A âncora do evento foi um estudo compreensivo da situação da aprendizagem móvel no país através de uma pesquisa qualitativa cobrindo as cinco regiões.

“Mas como está sendo feita a integração desses equipamentos nas redes de ensino públicas do país? Qual a articulação existente entre os pilares de infraestrutura, formação de professores e produção de conteúdo digital nas ações em desenvolvimento? Quais as perspectivas para o futuro da integração das tecnologias de informação e comunicação na educação brasileira? Quais as boas práticas identificadas ao redor do país?”

É possível ter acesso a versão na íntegra desse estudo no site Aprendizagem Móvel.

O centro nervoso da pesquisa é a revelação de que as iniciativas que tem dado certo não acontecem por acaso. Elas estão sempre apoiadas num tripé de qualidade.

Infraestrutura

O desafio não é só conectar as escolas, e sim prover uma conexão de qualidade que permita o uso dos recursos. No Brasil, 95% das escolas públicas tem acesso à internet, porém, 73% delas com conexão média de 2 Mb e somente 10% acima de 8 Mb (CETIC.br, 2014).

Conteúdo

Conteúdo não falta na internet, porém, como trabalhar esse conteúdo? Este é o maior desafio neste pilar. É preciso fornecer um guia de como trabalhar com o material que existe.

Também se faz necessário estimular a criação, pois hoje 96% dos professores afirmam buscar conteúdos na internet, mas apenas 21% já criaram, mixaram e publicaram conteúdo na rede.

Recursos humanos

Aqui o elemento chave para que a aprendizagem tecnológica decole: o treinamento dos professores. Hoje somente 2% do tempo dos professores brasileiros em sala de aula é utilizado com TIC’s.

Na evolução, o futuro

Após muitas tentativas e erros, as melhores práticas se sustentam e ganham espaço.

No Uruguay, o plano de inclusão tecnológica e social, o Plan Ceibal, conseguiu cobrir todo o ensino básico com tecnologia e principalmente com conteúdo e treinamento de pessoal para utilizar os novos recursos.

Na Califórnia a tecnologia fez mudar o leiaute da sala de aula: saem as carteiras enfileiradas, entram grandes mesas compartilháveis usadas em cafés.

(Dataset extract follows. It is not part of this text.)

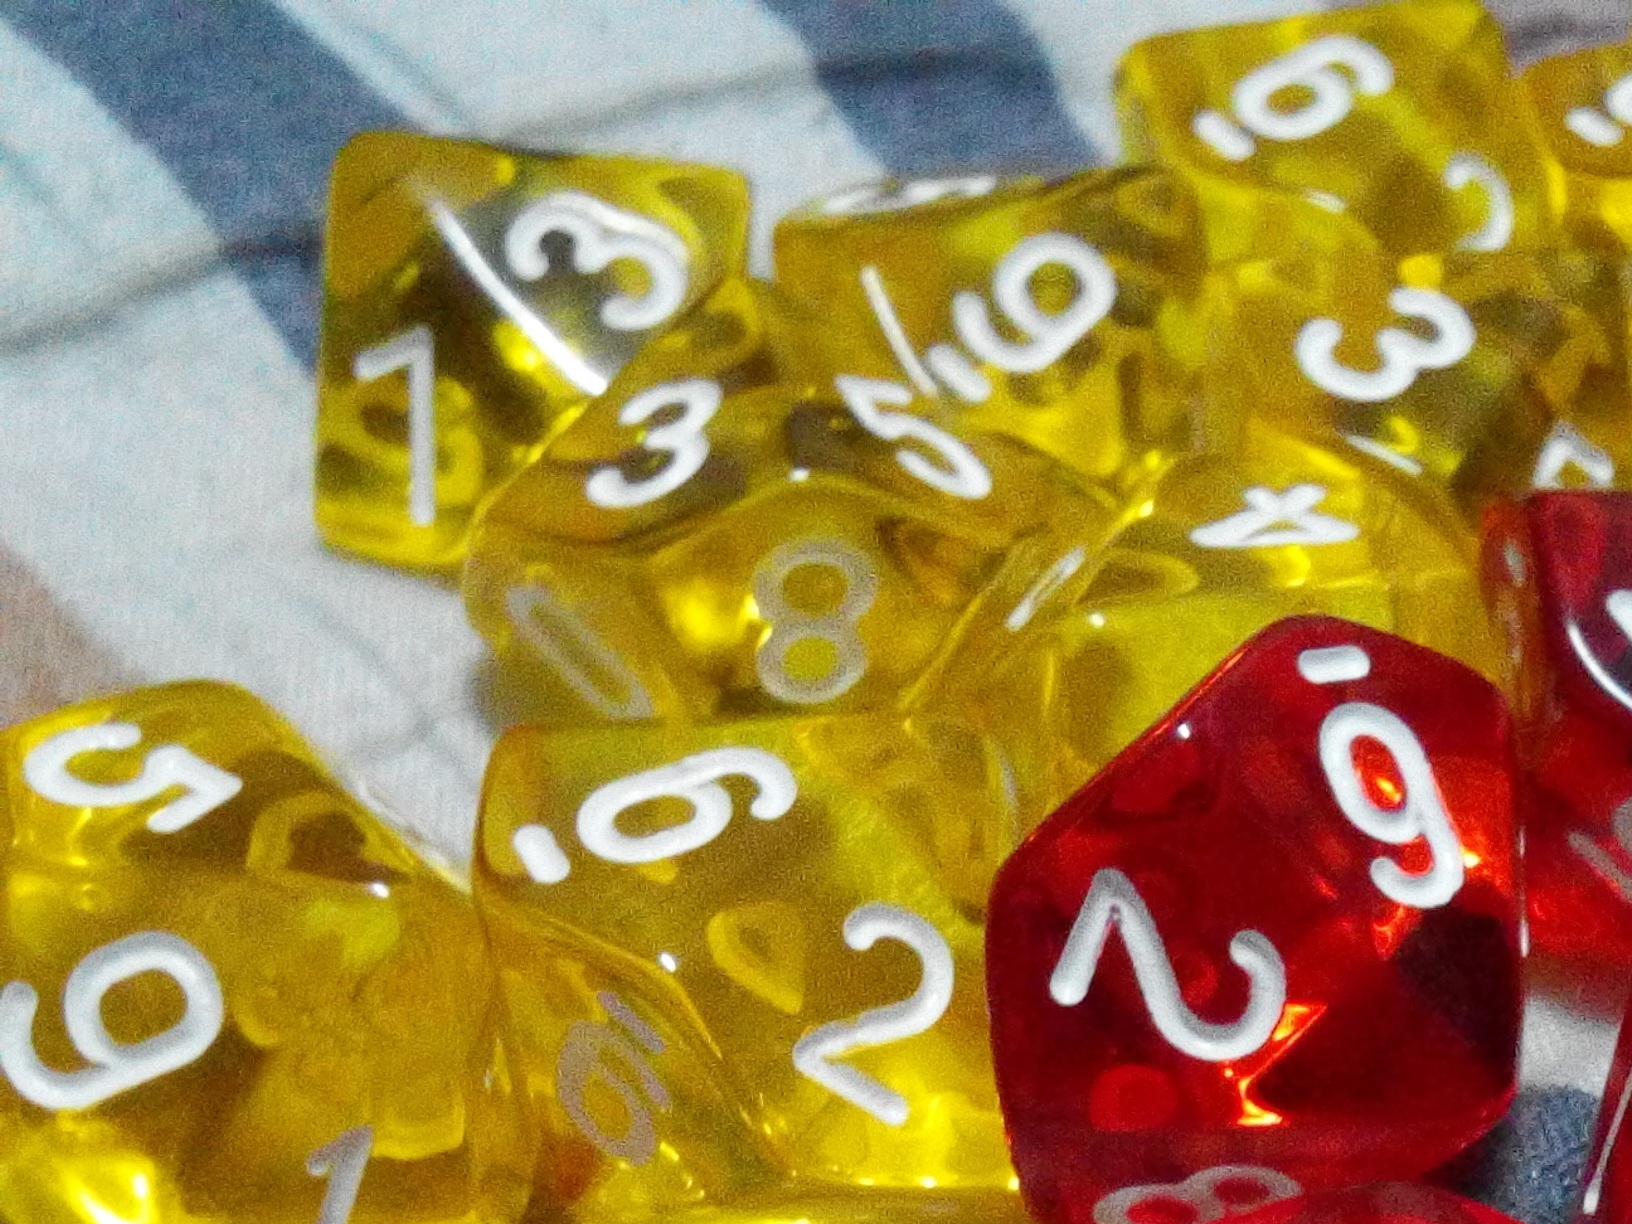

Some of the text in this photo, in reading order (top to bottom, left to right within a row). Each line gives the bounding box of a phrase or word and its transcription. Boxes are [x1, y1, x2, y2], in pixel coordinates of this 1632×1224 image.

Na Índia, o uso guiado de plataformas adaptativas de matemática baseadas em jogos trouxe resultados excepcionais no aprendizado.

E no Brasil?

Aparte dos problemas expostos por colegas de outros estados, o Secretário de Educação do Amazonas, o Sr Rossieli da Silva, mostrou soluções. Apresentou como eles estão conectando o Estado, com suas comunidades longínquas e acessíveis apenas de barco.

“Levamos as antenas de barco até as comunidades e as instalamos em algum local elevado, porque a água sobe”

Então, com a escola conectada, um tutor coloca a aula ao vivo de professores especialistas que jamais conseguiriam chegar periodicamente naquelas remotas comunidades, e pela TV, alunos tem a oportunidade de aprender.

O Secretário então puxou o iPhone, e se conectou ao vivo com a aula.

Agora imagine que podemos ter um novo Einsten saído do meio da floresta amazônica. Essas iniciativas de educação não mudam só a vida dos seus beneficiados diretos, elas podem mudar a história humana.

O nosso futuro

Se queremos que poucos tenham tudo. Se queremos que muitos tenham o necessário.

Se queremos acabar com este planeta. Se queremos preservá-lo.

A educação molda o ser humano. Chegamos até aqui graças a ela. Até mais onde poderemos chegar?